(Image-backed grounding data)
********************

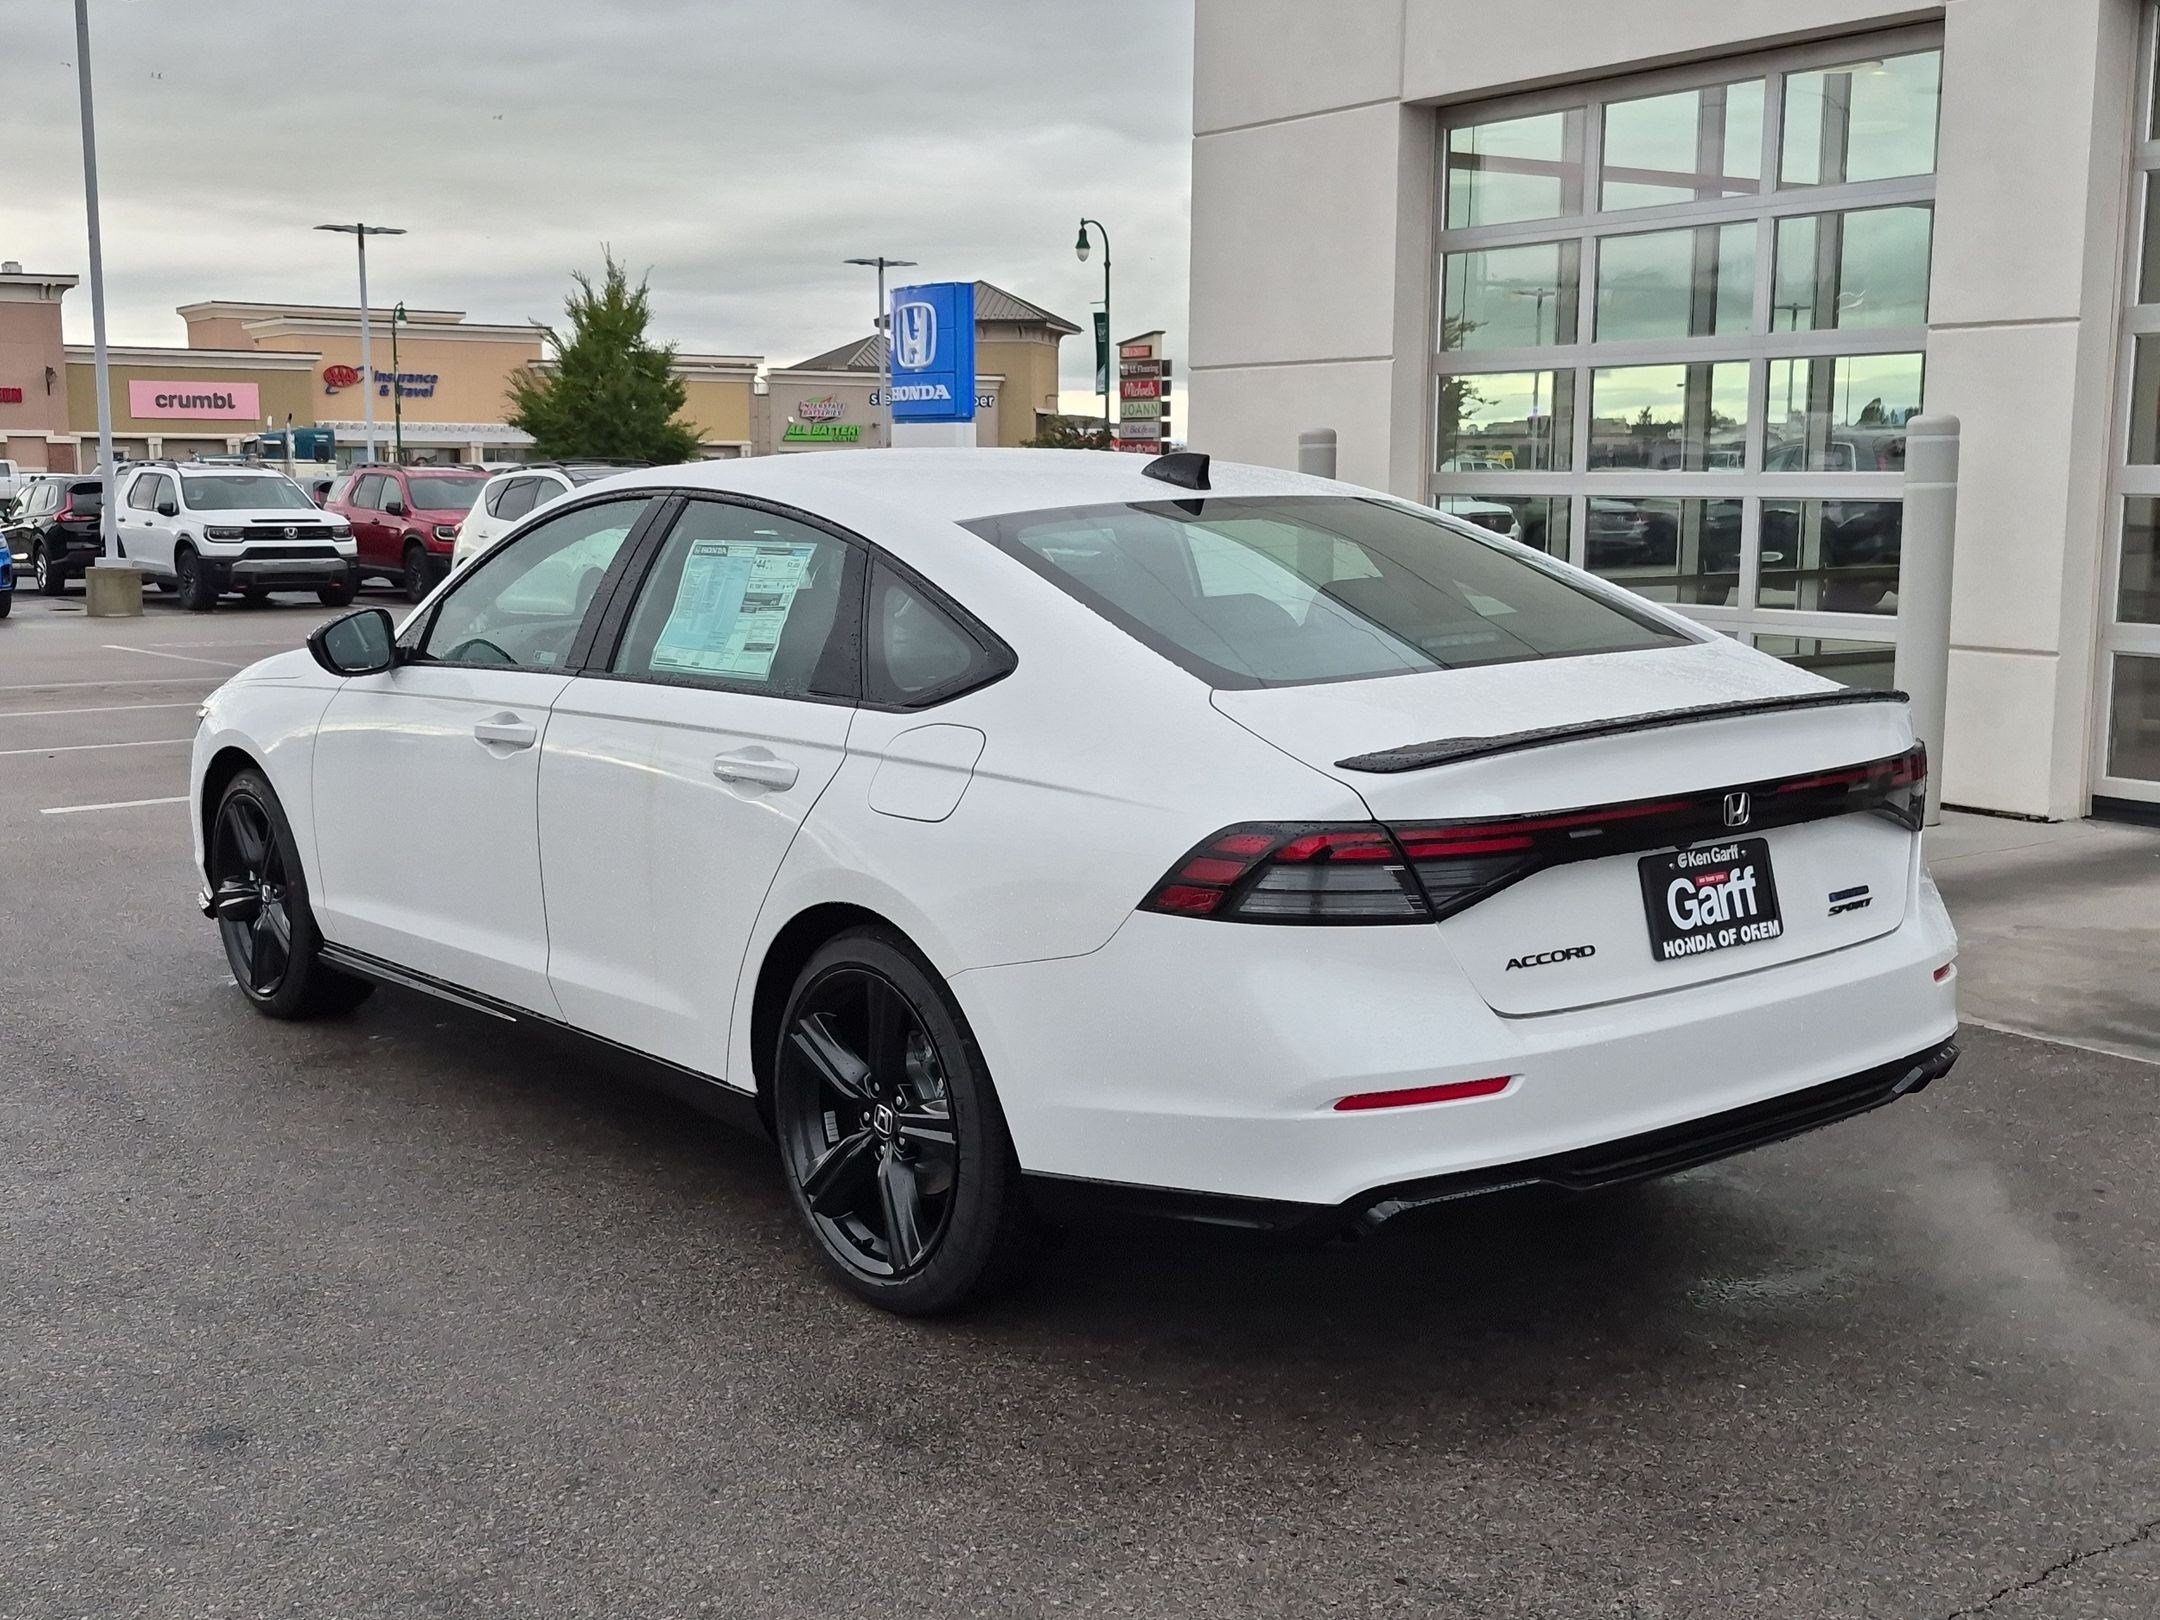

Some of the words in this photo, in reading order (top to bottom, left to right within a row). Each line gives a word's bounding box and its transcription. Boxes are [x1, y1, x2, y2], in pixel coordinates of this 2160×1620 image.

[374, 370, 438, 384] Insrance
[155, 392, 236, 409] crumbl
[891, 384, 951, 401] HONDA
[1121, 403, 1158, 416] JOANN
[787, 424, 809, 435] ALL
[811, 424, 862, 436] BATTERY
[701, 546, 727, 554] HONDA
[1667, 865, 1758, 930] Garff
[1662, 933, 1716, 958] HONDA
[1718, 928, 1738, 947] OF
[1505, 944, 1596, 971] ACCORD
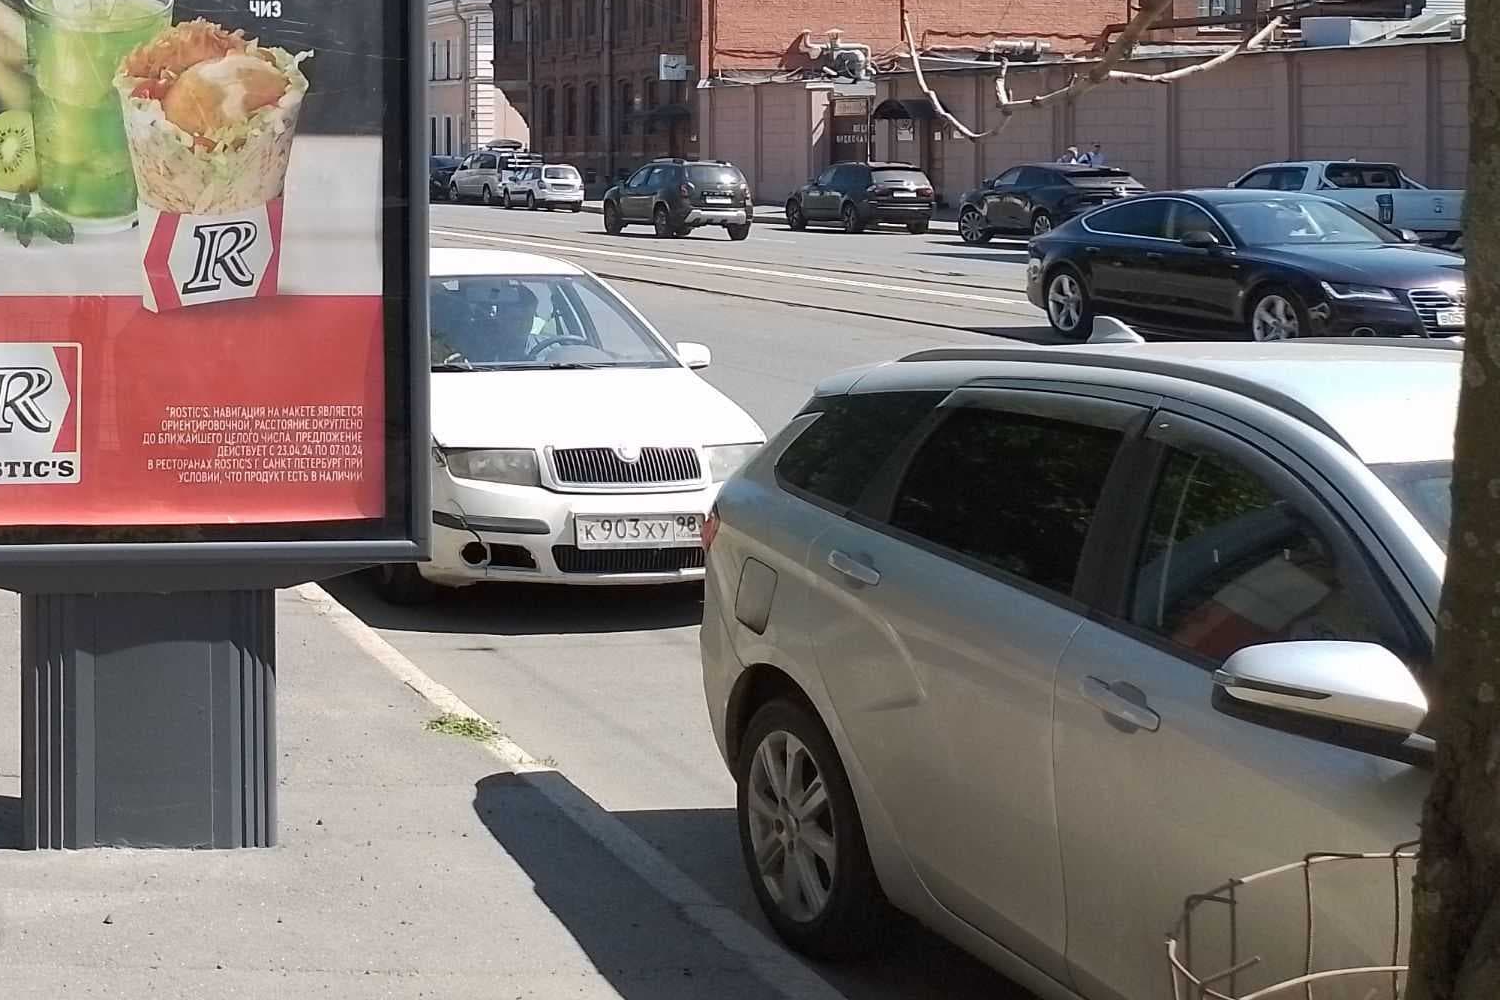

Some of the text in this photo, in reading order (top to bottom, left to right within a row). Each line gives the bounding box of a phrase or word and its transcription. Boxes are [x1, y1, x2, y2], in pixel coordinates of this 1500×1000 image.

********************

## What you are asked to do
Drop the images, then copy the data exactly.

## Task response
Some of the words in this photo, in reading order (top to bottom, left to right within a row). Each line gives a word's bounding box and its transcription. Boxes are [x1, y1, x2, y2], in pixel coordinates of this 2160×1620 image.

[374, 370, 438, 384] Insrance
[155, 392, 236, 409] crumbl
[891, 384, 951, 401] HONDA
[1121, 403, 1158, 416] JOANN
[787, 424, 809, 435] ALL
[811, 424, 862, 436] BATTERY
[701, 546, 727, 554] HONDA
[1667, 865, 1758, 930] Garff
[1662, 933, 1716, 958] HONDA
[1718, 928, 1738, 947] OF
[1505, 944, 1596, 971] ACCORD

Some of the text in this photo, in reading order (top to bottom, left to right within a row). Each line gives the bounding box of a phrase or word and its transcription. Boxes are [x1, y1, x2, y2], in pixel coordinates of this 1500×1000 image.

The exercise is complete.